**Required work:** Copy all data exactly. Skip pictures.
● ● ● ● ●
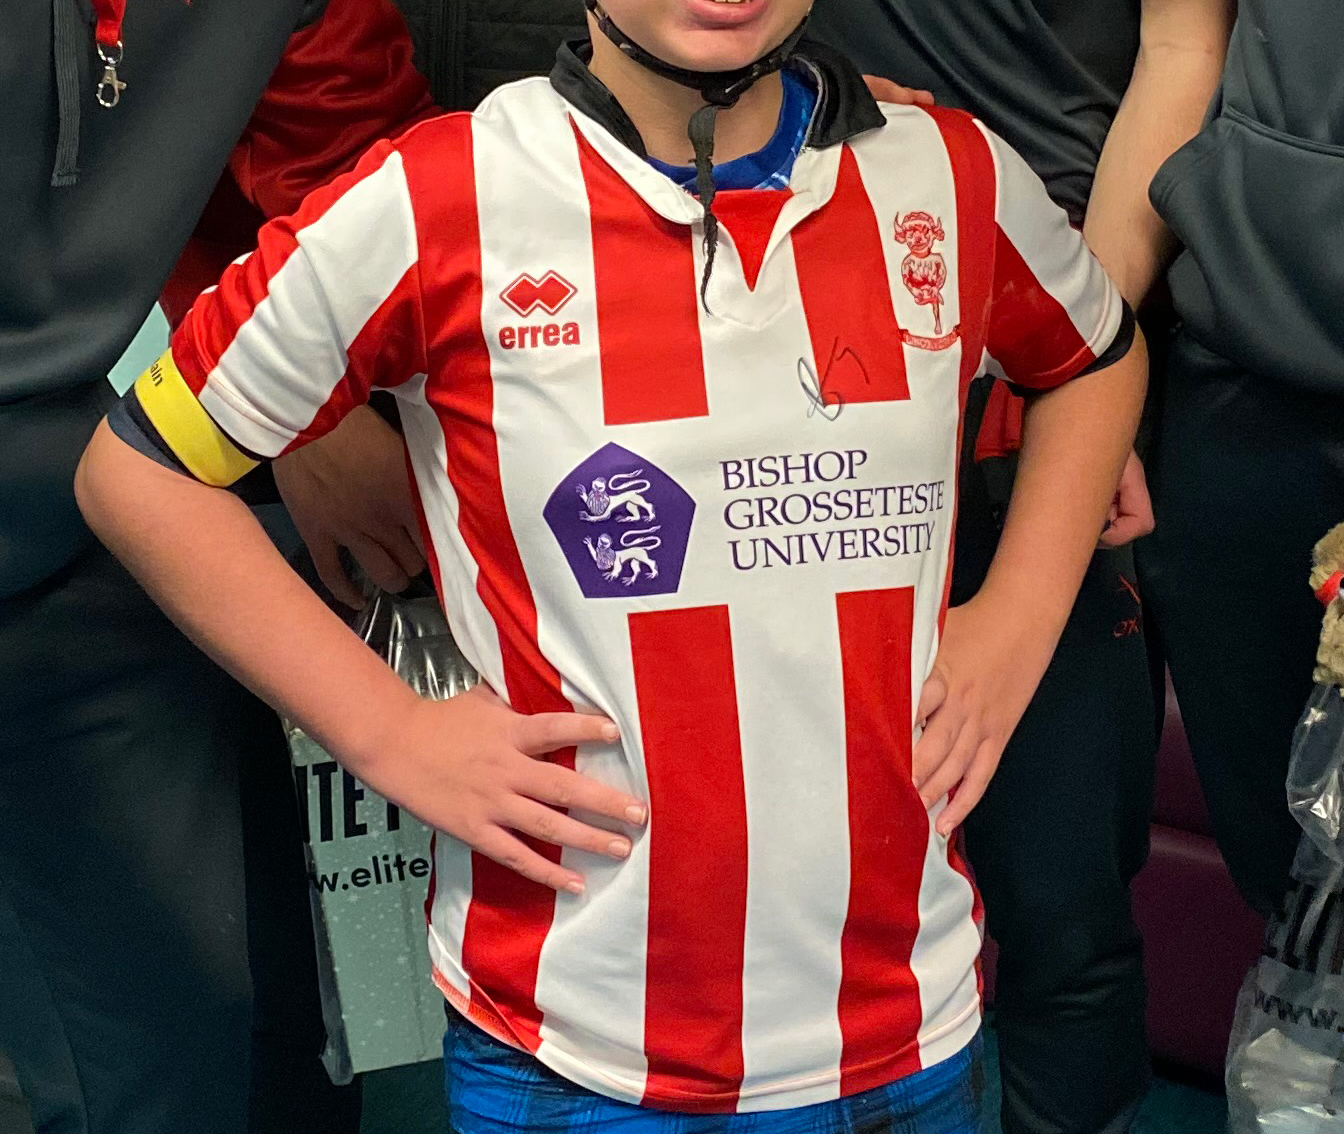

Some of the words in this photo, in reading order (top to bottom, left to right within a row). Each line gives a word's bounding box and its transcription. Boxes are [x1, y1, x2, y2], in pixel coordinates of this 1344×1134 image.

[499, 322, 581, 350] errea
[719, 449, 868, 491] BISHOP
[723, 480, 945, 530] GROSSETESTE
[727, 520, 936, 570] UNIVERSITY
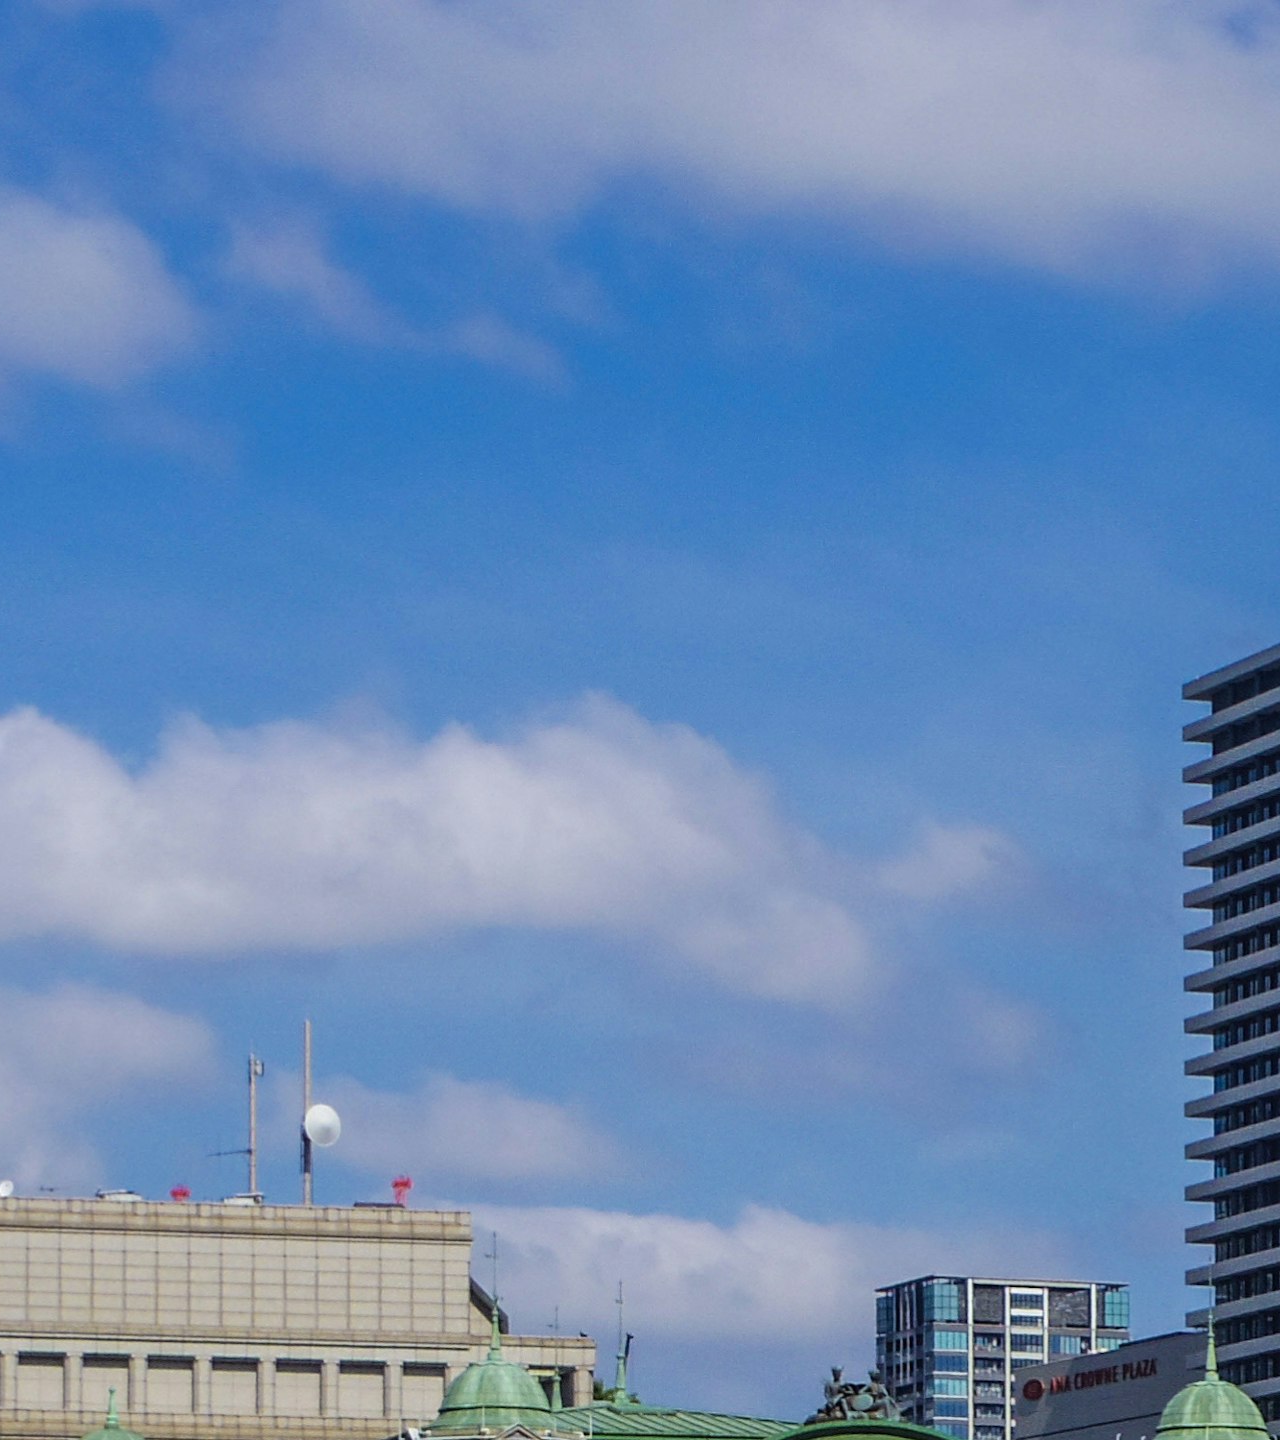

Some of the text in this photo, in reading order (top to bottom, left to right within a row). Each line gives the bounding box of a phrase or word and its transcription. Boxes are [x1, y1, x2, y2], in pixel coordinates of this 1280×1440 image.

[1050, 1358, 1157, 1394] ANA CROWNE PLAZA
● ● ● ● ●
**Solution to this exercise:**
Some of the words in this photo, in reading order (top to bottom, left to right within a row). Each line gives a word's bounding box and its transcription. Boxes are [x1, y1, x2, y2], in pixel coordinates of this 1344×1134 image.

[499, 322, 581, 350] errea
[719, 449, 868, 491] BISHOP
[723, 480, 945, 530] GROSSETESTE
[727, 520, 936, 570] UNIVERSITY

Some of the text in this photo, in reading order (top to bottom, left to right within a row). Each line gives the bounding box of a phrase or word and its transcription. Boxes are [x1, y1, x2, y2], in pixel coordinates of this 1280×1440 image.

[1050, 1358, 1157, 1394] ANA CROWNE PLAZA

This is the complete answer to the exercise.